- Specific Plan's Affordable Housing Requirements Preempted by State Rent Control Law
- August 27, 2009 | Author: Cecily Talbert Barclay
- Law Firm: Bingham McCutchen LLP - San Francisco Office
A court of appeal has struck down a local requirement that a project include affordable rental units on the basis that the requirement conflicted with and was preempted by the Costa-Hawkins Act, a state law that allows residential landlords to set initial rent levels at the commencement of a tenancy. Palmer/Sixth Street Properties, L.P. v. City of Los Angeles, 96 Cal. Rptr. 3d 875 (July 22, 2009).
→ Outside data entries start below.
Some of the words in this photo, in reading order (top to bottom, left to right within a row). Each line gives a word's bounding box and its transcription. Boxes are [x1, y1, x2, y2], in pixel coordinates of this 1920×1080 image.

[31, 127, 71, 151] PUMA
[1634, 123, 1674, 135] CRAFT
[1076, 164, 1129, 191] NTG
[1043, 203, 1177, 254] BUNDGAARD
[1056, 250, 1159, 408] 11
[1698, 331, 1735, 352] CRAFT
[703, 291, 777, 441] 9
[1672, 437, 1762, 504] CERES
The City of Los Angeles adopted a Specific Plan for an area near downtown Los Angeles. The Specific Plan required that developers of certain residential and mixed use projects within the plan area either construct affordable rental units that would be subject to long-term rent restrictions at regulated rent levels or pay an in-lieu fee that the city would use to build affordable housing elsewhere. The city imposed this requirement as a condition of approval on a mixed-use project, which would have resulted in either the construction of 60 affordable rental units or payment of over $6.7 million of in-lieu fees. The developer challenged the condition.
In upholding the developer’s challenge, the court explained that the Costa-Hawkins Act, which applies to buildings for which a certificate of occupancy was issued after February 1, 1995, provides that “[n]otwithstanding any other provision of law,” residential landlords may impose whatever rent they choose at the commencement of a tenancy. The court reasoned that, under the plain language of the statute, a condition of approval that forces a developer to construct rental units that would be subject to regulated rental rates “is clearly hostile to the right afforded under the Costa-Hawkins Act to establish the initial rental rate for a dwelling or unit.”
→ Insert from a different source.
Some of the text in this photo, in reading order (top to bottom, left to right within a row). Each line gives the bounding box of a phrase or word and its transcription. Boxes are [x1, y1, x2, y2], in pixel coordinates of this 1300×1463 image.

The court acknowledged that the Costa-Hawkins Act does not apply where the owner has agreed to build affordable housing in consideration for a direct financial contribution or any other form of assistance specified in state density bonus law. Since that was not the case here, the court concluded the exception to the Costa-Hawkins Act did not apply.
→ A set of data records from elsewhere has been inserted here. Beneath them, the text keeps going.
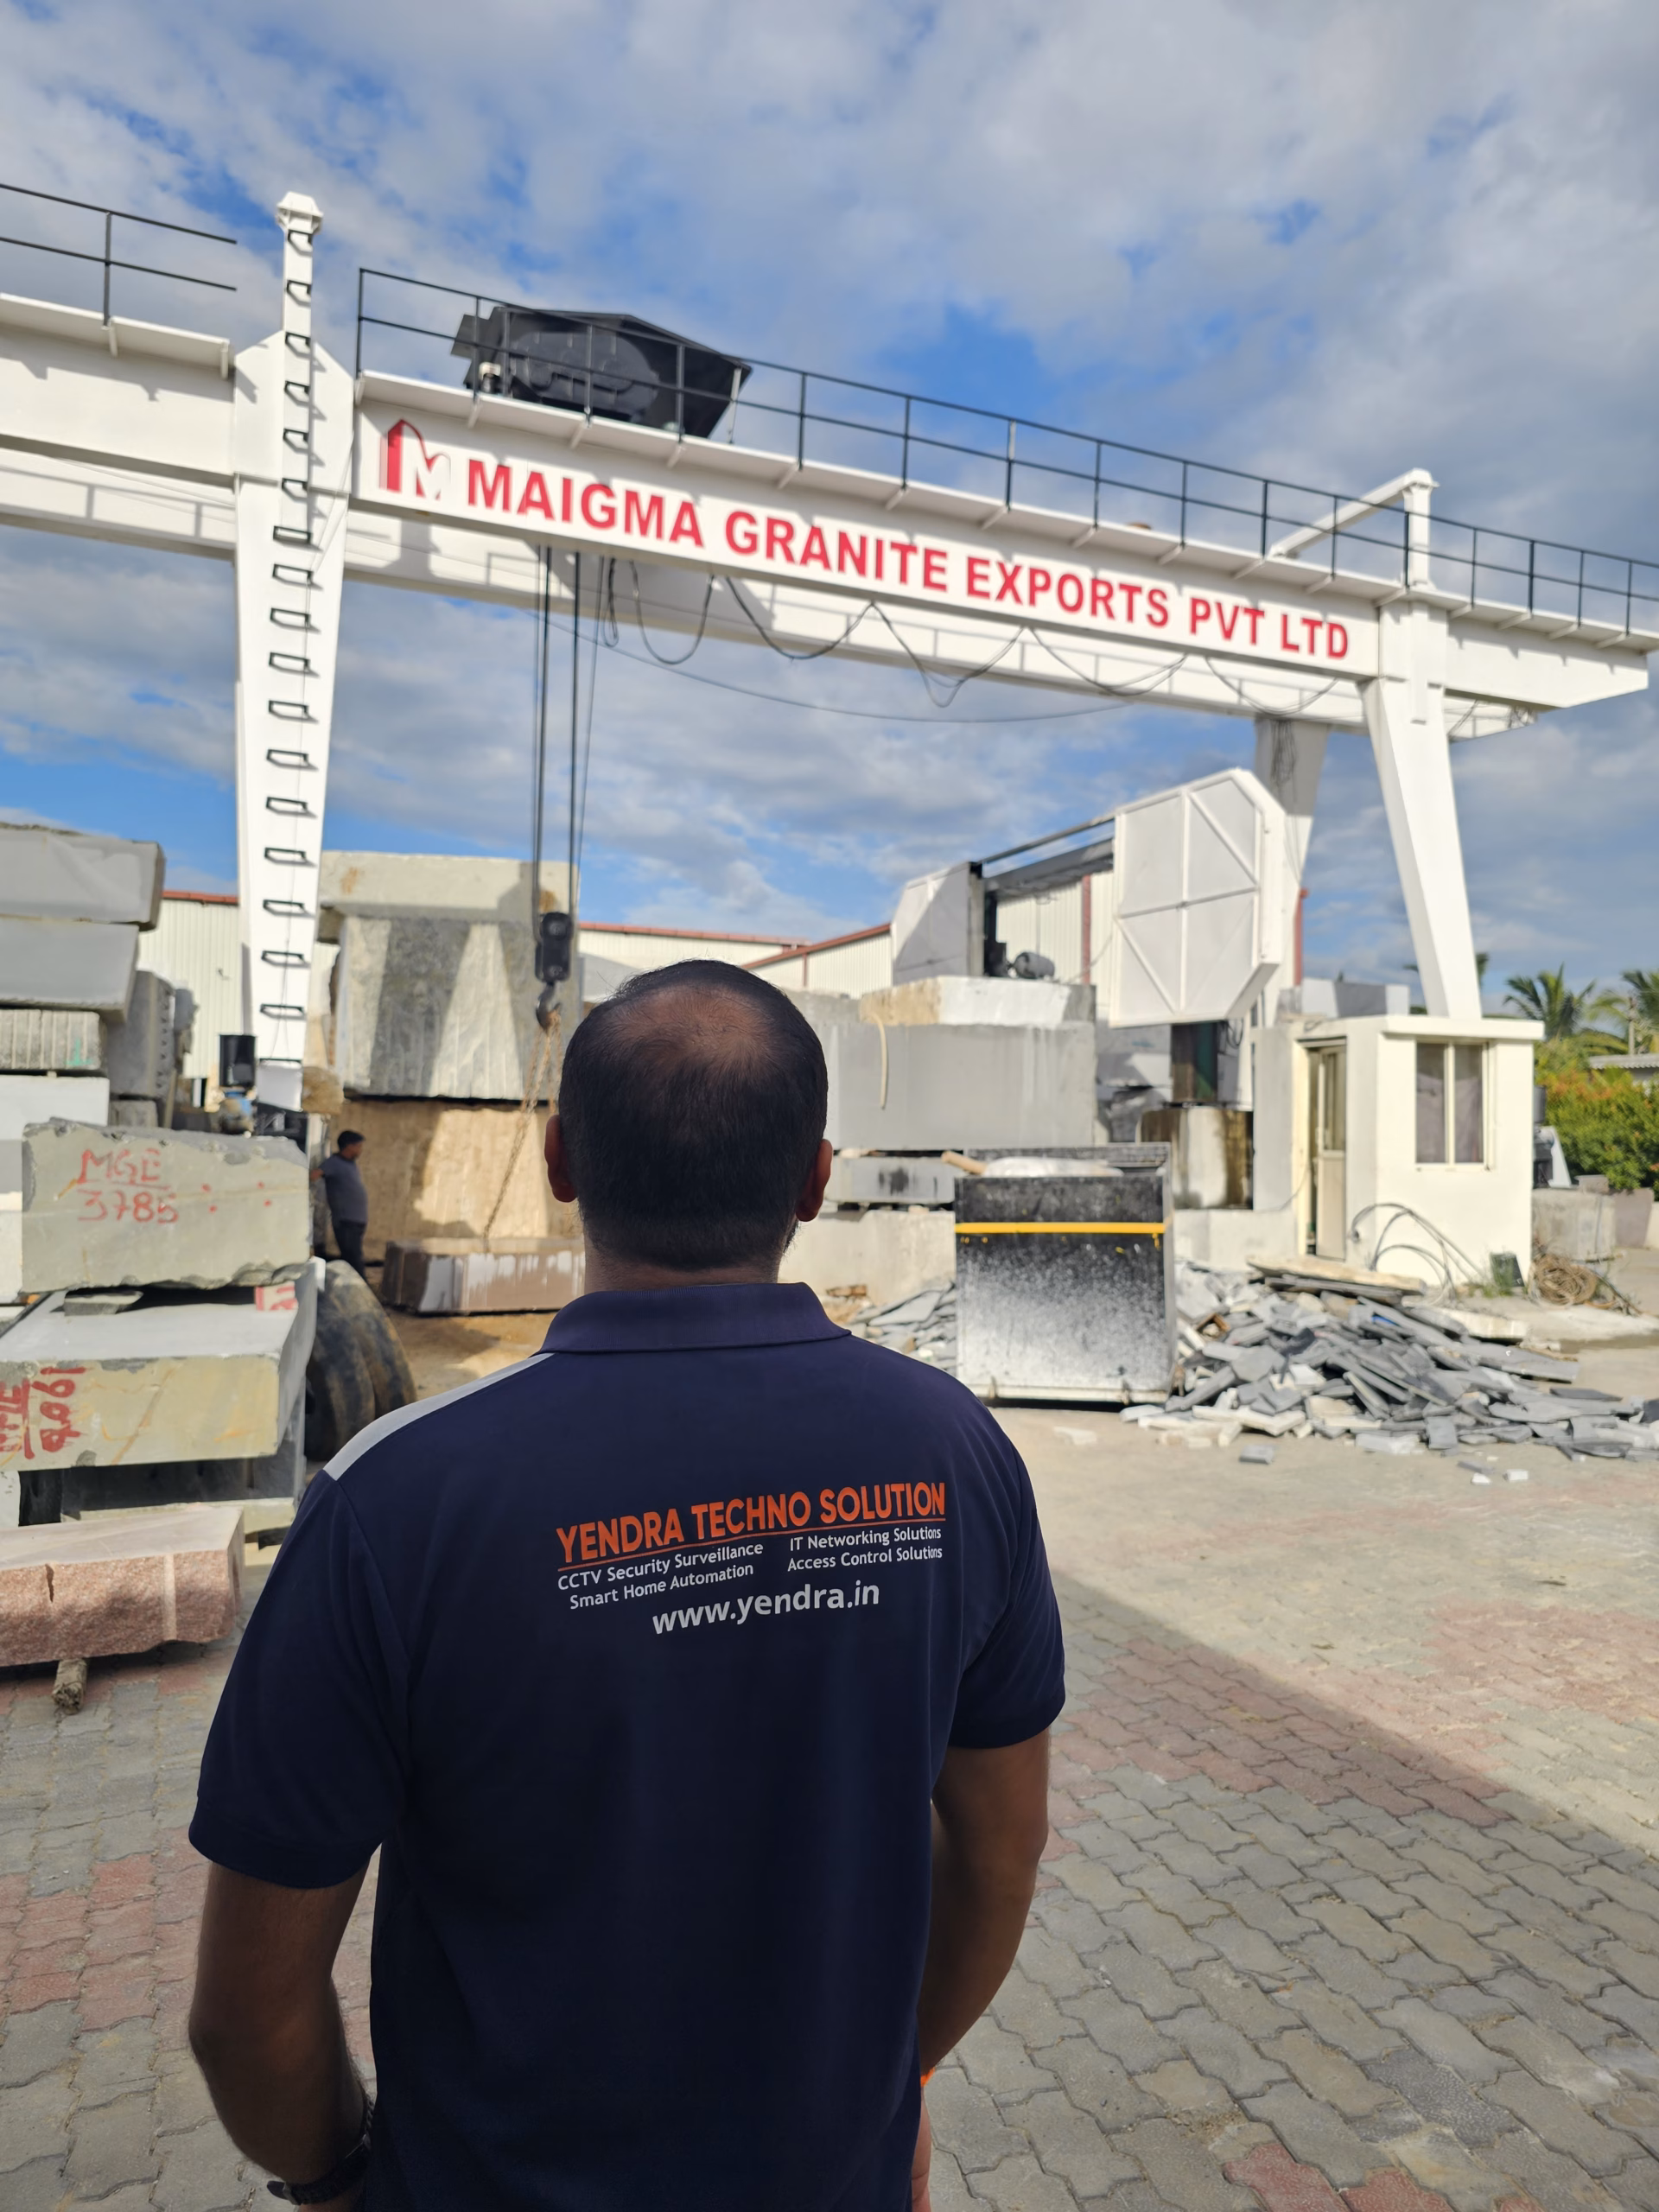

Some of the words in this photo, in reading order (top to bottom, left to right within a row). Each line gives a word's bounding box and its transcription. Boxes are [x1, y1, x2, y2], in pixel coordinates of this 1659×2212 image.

[467, 458, 705, 548] MAIGMA
[725, 510, 948, 593] GRANITE
[966, 556, 1170, 629] EXPORTS
[1189, 597, 1266, 646] PVT
[1280, 614, 1349, 659] LTD
[77, 1147, 161, 1185] MGE
[77, 1189, 179, 1224] 3785
[556, 1508, 684, 1563] YENDRA
[690, 1492, 811, 1540] TECHNO
[819, 1482, 945, 1523] SOLUTION
[790, 1536, 804, 1552] IT
[807, 1529, 890, 1549] Networking
[893, 1525, 942, 1542] Solutions
[557, 1569, 602, 1591] CCTV
[607, 1558, 671, 1582] Security
[674, 1543, 764, 1568] Surveillance
[787, 1556, 836, 1573] Access
[840, 1548, 893, 1567] Control
[896, 1546, 943, 1562] Solutions
[569, 1588, 620, 1610] Smart
[623, 1580, 667, 1600] Home
[670, 1564, 754, 1591] Automation
[652, 1580, 880, 1635] www.yendra.in
The court also rejected the city’s argument that even if the requirement to provide units at affordable rents were preempted, payment of in-lieu fees would not be preempted since it would not involve rent control. In the court’s view, the in-lieu fee option was “inextricably intertwined” with the requirement to construct the affordable rental units, since the fee amount was based solely on the number of units a developer would otherwise be required to build and rent at restricted rates. The court found the purpose of the requirement was to mandate construction of affordable rental units, not the payment of fees, and that the in-lieu provision therefore also was preempted.
This court’s decision is the first to invalidate affordable housing requirements based on preemption, and may have far-reaching implications for local inclusionary housing regulations.